> _What you need to do_
Every record here must be set down once more, precisely as it reads.
Material provided Block Start
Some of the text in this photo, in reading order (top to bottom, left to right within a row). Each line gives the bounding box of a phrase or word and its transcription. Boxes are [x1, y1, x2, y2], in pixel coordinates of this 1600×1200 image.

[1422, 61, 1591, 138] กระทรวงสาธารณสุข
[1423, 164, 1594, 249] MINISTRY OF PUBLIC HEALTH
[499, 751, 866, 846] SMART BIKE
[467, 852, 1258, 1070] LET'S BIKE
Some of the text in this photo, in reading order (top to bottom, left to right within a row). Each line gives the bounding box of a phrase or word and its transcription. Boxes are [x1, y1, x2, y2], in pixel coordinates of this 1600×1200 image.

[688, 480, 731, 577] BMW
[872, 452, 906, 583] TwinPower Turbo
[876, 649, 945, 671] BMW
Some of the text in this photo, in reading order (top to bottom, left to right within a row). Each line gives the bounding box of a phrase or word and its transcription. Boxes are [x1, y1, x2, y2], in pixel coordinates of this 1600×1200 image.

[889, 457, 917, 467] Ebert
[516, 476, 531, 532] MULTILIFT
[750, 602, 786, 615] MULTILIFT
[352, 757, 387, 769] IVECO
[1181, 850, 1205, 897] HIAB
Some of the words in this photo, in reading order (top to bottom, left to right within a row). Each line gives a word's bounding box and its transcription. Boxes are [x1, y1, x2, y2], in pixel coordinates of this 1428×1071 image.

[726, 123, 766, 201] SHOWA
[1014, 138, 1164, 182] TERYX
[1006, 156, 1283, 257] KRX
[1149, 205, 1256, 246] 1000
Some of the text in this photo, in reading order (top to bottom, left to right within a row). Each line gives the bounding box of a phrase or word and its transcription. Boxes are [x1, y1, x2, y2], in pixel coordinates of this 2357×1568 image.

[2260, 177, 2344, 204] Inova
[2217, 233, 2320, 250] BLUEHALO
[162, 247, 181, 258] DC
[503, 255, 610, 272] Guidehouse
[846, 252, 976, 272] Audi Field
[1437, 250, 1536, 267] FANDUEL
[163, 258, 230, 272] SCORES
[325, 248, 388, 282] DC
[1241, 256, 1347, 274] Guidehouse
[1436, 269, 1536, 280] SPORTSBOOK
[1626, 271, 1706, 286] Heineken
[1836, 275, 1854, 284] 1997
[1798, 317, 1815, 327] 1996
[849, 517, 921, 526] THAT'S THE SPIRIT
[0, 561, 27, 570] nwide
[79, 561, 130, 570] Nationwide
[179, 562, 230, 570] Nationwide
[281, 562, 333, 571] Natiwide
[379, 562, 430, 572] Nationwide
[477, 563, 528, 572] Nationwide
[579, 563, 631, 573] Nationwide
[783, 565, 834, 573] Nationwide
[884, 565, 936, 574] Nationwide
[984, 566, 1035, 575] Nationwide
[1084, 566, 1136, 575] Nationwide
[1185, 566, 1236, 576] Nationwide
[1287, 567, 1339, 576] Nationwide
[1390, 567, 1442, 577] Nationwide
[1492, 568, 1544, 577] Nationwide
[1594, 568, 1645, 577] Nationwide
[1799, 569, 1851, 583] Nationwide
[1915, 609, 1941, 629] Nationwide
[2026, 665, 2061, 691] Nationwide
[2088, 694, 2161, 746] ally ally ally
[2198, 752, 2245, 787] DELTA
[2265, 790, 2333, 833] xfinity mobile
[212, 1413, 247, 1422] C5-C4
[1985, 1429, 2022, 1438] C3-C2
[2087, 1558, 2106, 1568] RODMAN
Material provided Block End
> _Result below_
Some of the text in this photo, in reading order (top to bottom, left to right within a row). Each line gives the bounding box of a phrase or word and its transcription. Boxes are [x1, y1, x2, y2], in pixel coordinates of this 1600×1200 image.

[1422, 61, 1591, 138] กระทรวงสาธารณสุข
[1423, 164, 1594, 249] MINISTRY OF PUBLIC HEALTH
[499, 751, 866, 846] SMART BIKE
[467, 852, 1258, 1070] LET'S BIKE
Some of the text in this photo, in reading order (top to bottom, left to right within a row). Each line gives the bounding box of a phrase or word and its transcription. Boxes are [x1, y1, x2, y2], in pixel coordinates of this 1600×1200 image.

[688, 480, 731, 577] BMW
[872, 452, 906, 583] TwinPower Turbo
[876, 649, 945, 671] BMW
Some of the text in this photo, in reading order (top to bottom, left to right within a row). Each line gives the bounding box of a phrase or word and its transcription. Boxes are [x1, y1, x2, y2], in pixel coordinates of this 1600×1200 image.

[889, 457, 917, 467] Ebert
[516, 476, 531, 532] MULTILIFT
[750, 602, 786, 615] MULTILIFT
[352, 757, 387, 769] IVECO
[1181, 850, 1205, 897] HIAB
Some of the words in this photo, in reading order (top to bottom, left to right within a row). Each line gives a word's bounding box and its transcription. Boxes are [x1, y1, x2, y2], in pixel coordinates of this 1428×1071 image.

[726, 123, 766, 201] SHOWA
[1014, 138, 1164, 182] TERYX
[1006, 156, 1283, 257] KRX
[1149, 205, 1256, 246] 1000
Some of the text in this photo, in reading order (top to bottom, left to right within a row). Each line gives the bounding box of a phrase or word and its transcription. Boxes are [x1, y1, x2, y2], in pixel coordinates of this 2357×1568 image.

[2260, 177, 2344, 204] Inova
[2217, 233, 2320, 250] BLUEHALO
[162, 247, 181, 258] DC
[503, 255, 610, 272] Guidehouse
[846, 252, 976, 272] Audi Field
[1437, 250, 1536, 267] FANDUEL
[163, 258, 230, 272] SCORES
[325, 248, 388, 282] DC
[1241, 256, 1347, 274] Guidehouse
[1436, 269, 1536, 280] SPORTSBOOK
[1626, 271, 1706, 286] Heineken
[1836, 275, 1854, 284] 1997
[1798, 317, 1815, 327] 1996
[849, 517, 921, 526] THAT'S THE SPIRIT
[0, 561, 27, 570] nwide
[79, 561, 130, 570] Nationwide
[179, 562, 230, 570] Nationwide
[281, 562, 333, 571] Natiwide
[379, 562, 430, 572] Nationwide
[477, 563, 528, 572] Nationwide
[579, 563, 631, 573] Nationwide
[783, 565, 834, 573] Nationwide
[884, 565, 936, 574] Nationwide
[984, 566, 1035, 575] Nationwide
[1084, 566, 1136, 575] Nationwide
[1185, 566, 1236, 576] Nationwide
[1287, 567, 1339, 576] Nationwide
[1390, 567, 1442, 577] Nationwide
[1492, 568, 1544, 577] Nationwide
[1594, 568, 1645, 577] Nationwide
[1799, 569, 1851, 583] Nationwide
[1915, 609, 1941, 629] Nationwide
[2026, 665, 2061, 691] Nationwide
[2088, 694, 2161, 746] ally ally ally
[2198, 752, 2245, 787] DELTA
[2265, 790, 2333, 833] xfinity mobile
[212, 1413, 247, 1422] C5-C4
[1985, 1429, 2022, 1438] C3-C2
[2087, 1558, 2106, 1568] RODMAN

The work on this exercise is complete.